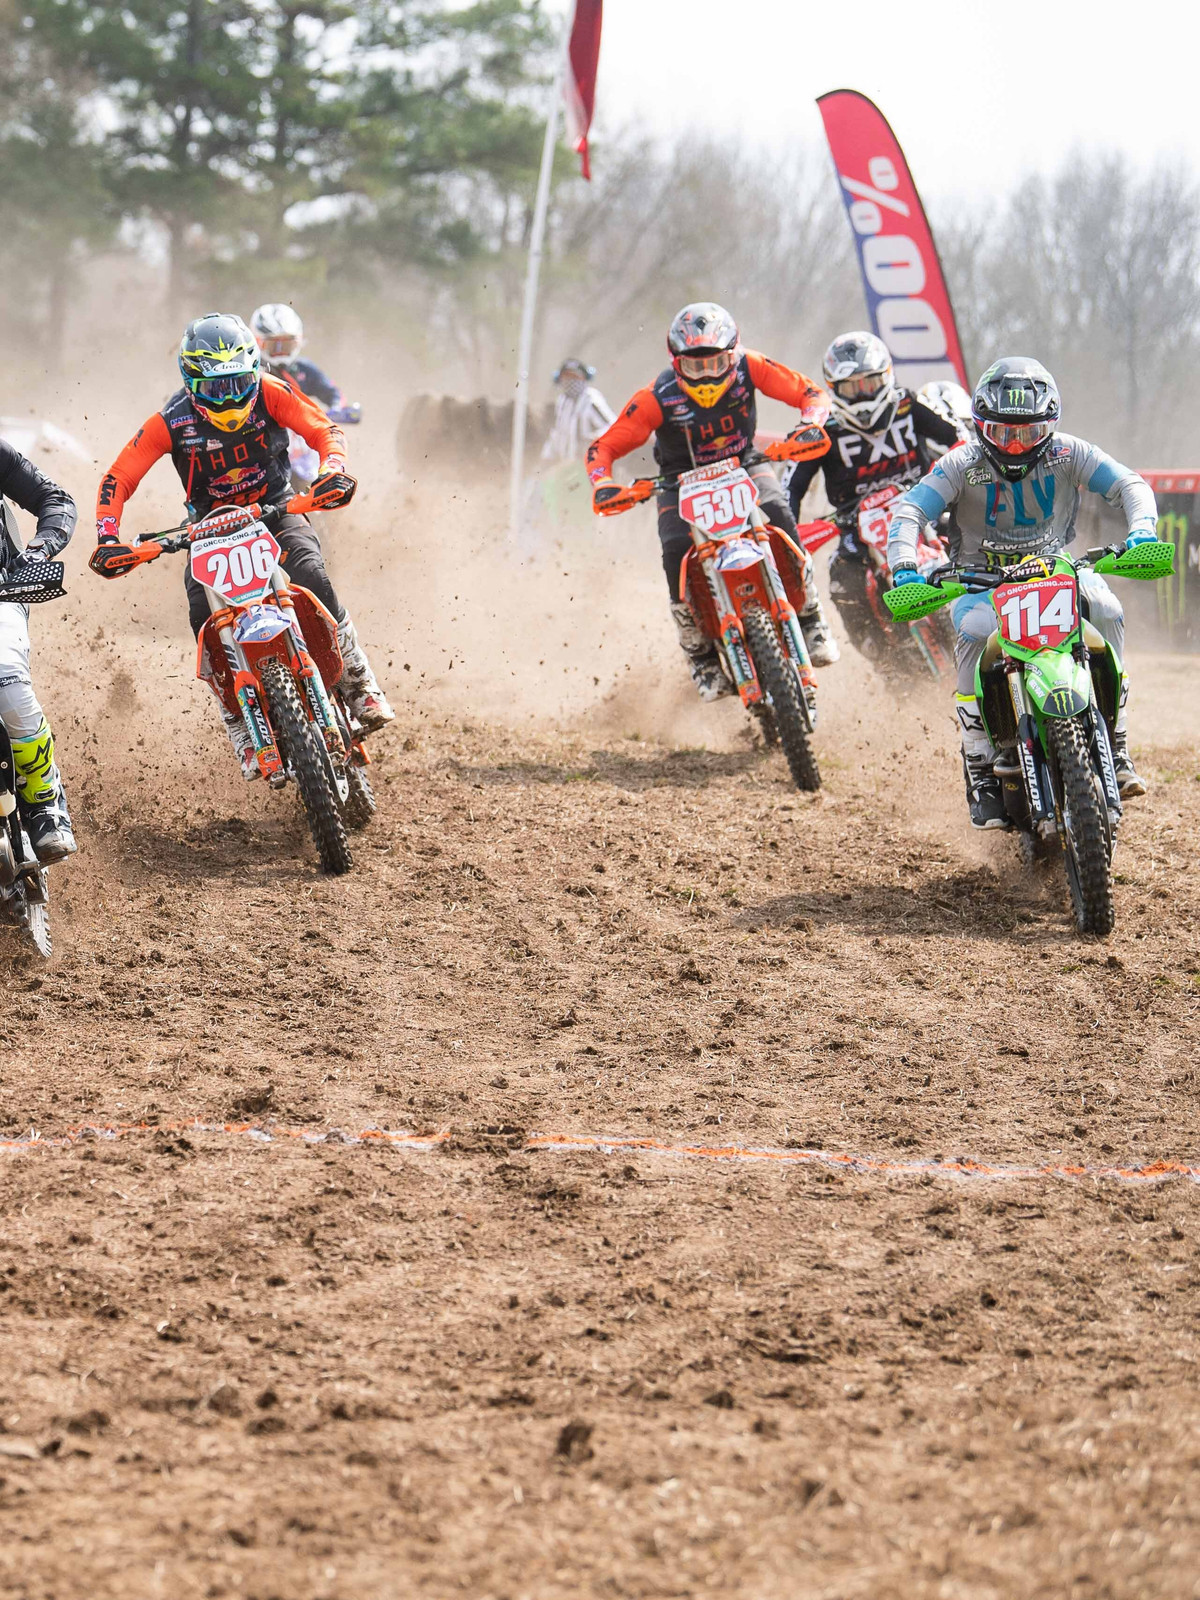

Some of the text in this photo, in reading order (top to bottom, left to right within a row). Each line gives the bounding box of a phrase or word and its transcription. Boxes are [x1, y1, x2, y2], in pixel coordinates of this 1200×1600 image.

[838, 413, 919, 469] FXR
[691, 482, 754, 531] 530
[985, 474, 1055, 528] FLY
[207, 538, 275, 594] 206
[1007, 580, 1073, 596] GNCCRACING.COM
[1001, 588, 1075, 642] 114
[246, 687, 273, 746] DNLOP
[1095, 729, 1117, 801] DUNLOP

-*-*-

— WHAT IS REQUIRED —
An exact copy of the whole listing is required, minus the pictures.

— EXERCISE RESPONSE —
Some of the text in this photo, in reading order (top to bottom, left to right within a row). Each line gives the bounding box of a phrase or word and its transcription. Boxes are [x1, y1, x2, y2], in pixel coordinates of this 1200×1600 image.

[838, 413, 919, 469] FXR
[691, 482, 754, 531] 530
[985, 474, 1055, 528] FLY
[207, 538, 275, 594] 206
[1007, 580, 1073, 596] GNCCRACING.COM
[1001, 588, 1075, 642] 114
[246, 687, 273, 746] DNLOP
[1095, 729, 1117, 801] DUNLOP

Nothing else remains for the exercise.